▶ **What is being asked**
Each line from the one containing "this 1350×1800 image." through the last line of the records below is to be repeated as written, with nothing added.

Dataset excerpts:
- Opening Delimiter -

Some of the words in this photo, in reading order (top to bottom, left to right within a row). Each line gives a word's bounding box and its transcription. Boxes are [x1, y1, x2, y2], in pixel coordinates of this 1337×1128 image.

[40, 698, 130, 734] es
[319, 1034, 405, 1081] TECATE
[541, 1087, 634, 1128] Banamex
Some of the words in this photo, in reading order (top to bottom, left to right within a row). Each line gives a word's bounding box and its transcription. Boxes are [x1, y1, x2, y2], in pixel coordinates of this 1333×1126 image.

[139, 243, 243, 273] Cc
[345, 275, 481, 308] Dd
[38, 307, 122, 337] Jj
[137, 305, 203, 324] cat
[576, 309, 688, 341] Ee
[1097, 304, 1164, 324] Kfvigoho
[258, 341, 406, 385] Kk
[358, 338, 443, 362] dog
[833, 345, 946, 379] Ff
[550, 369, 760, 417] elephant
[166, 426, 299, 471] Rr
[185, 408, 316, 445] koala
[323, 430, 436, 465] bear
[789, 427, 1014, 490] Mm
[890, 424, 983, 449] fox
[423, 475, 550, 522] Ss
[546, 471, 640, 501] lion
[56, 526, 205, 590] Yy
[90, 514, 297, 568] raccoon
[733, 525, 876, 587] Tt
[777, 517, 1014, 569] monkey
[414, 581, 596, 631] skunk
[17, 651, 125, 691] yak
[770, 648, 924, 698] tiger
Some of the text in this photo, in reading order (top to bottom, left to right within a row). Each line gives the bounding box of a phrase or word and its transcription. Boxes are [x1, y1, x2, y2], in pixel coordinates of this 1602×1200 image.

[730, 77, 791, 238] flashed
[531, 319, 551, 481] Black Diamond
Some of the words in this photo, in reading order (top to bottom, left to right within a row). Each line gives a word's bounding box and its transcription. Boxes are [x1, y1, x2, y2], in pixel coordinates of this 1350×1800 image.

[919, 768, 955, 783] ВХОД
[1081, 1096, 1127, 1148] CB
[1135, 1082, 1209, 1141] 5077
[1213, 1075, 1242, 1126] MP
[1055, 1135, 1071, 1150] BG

- Closing Delimiter -

▶ **Task output**
Some of the words in this photo, in reading order (top to bottom, left to right within a row). Each line gives a word's bounding box and its transcription. Boxes are [x1, y1, x2, y2], in pixel coordinates of this 1350×1800 image.

[919, 768, 955, 783] ВХОД
[1081, 1096, 1127, 1148] CB
[1135, 1082, 1209, 1141] 5077
[1213, 1075, 1242, 1126] MP
[1055, 1135, 1071, 1150] BG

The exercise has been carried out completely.